By taking the laplacian, you mean taking the laplacian ( Nabla * Nabla * f) of all points and average? Yes this is also possible. Not in a single Go, but i can get the second derivative of all points for each parameter and add them up. How would that help? Or what is a higher order optimisation

1

CPOOCPOS OP t1_ivp0tap wrote

thanks for your reply jnez! Yes, i have also had the thought actually of using the average of many local points to estimate the local curvature like needed in the BFGS.

You are right by saying that in a classical sense there are far better things to do with many adjacent gradient computations. But here I am doing machine learning on a quantum computer, and the interesting part is, that it is very cheap to calculate the average (and only the average) of many points. To be more concrete about the computational cost, it only takes linear effort to compute the average of an exponential amount of points.

As a start, when i was developing the idea, i just thought of the procedure as just being a vote on a bunch of local points on which direction they would like to go. But now I am looking for more concrete theoretical arguments on why it would make sense to take the average gradient (since on a quantum computer i wouldn't have this computational overhead like on a classical computer)

1

CPOOCPOS OP t1_ivovm1t wrote

Hi and thanks for your reply! I just looked into smoothing and it seems to be a kind of data manipulations.
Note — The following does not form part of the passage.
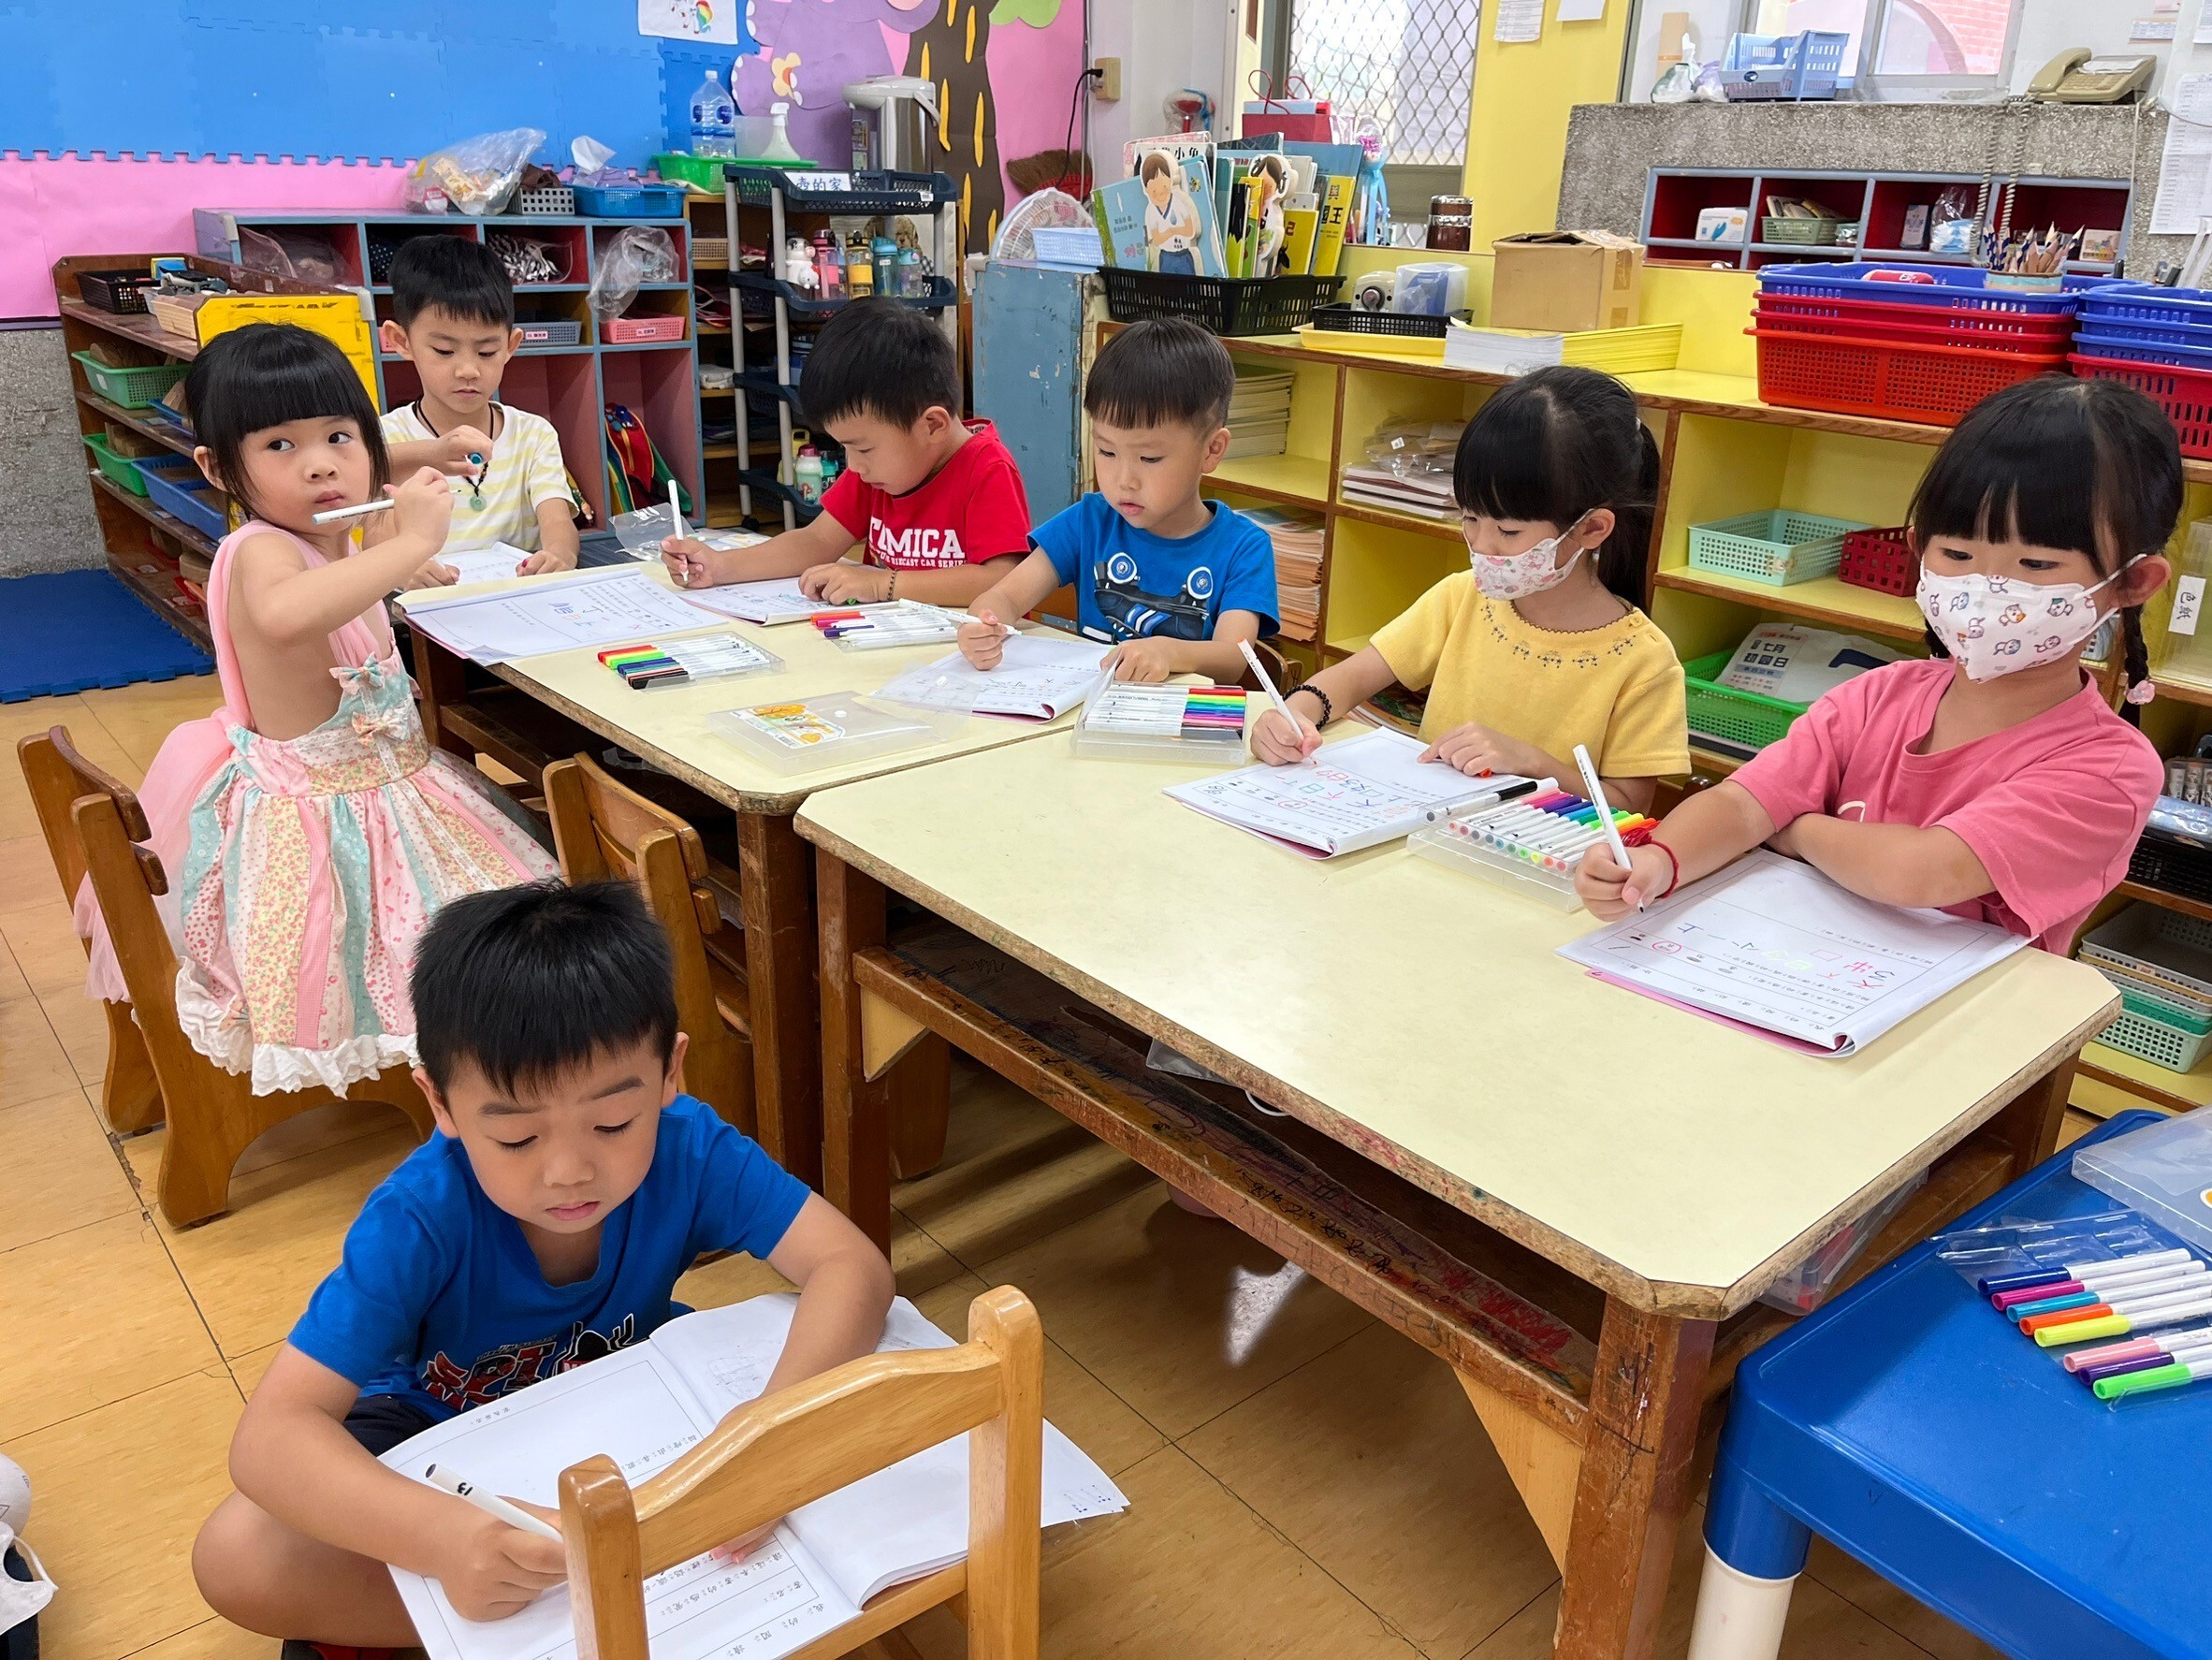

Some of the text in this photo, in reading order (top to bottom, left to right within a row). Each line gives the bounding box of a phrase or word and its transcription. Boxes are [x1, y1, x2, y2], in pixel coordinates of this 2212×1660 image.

As in, the data we have is smoothend to find trends.

Here I don't have data actually, what I am averaging over is the volume of the parameter space, where the parameters are the learnable parameters of my network.
In other words when i try to update my parameters with GD I would like to average the gradients of all points ( in the parameter space) lying closely to my center point (or the point i would take the gradient of usually

0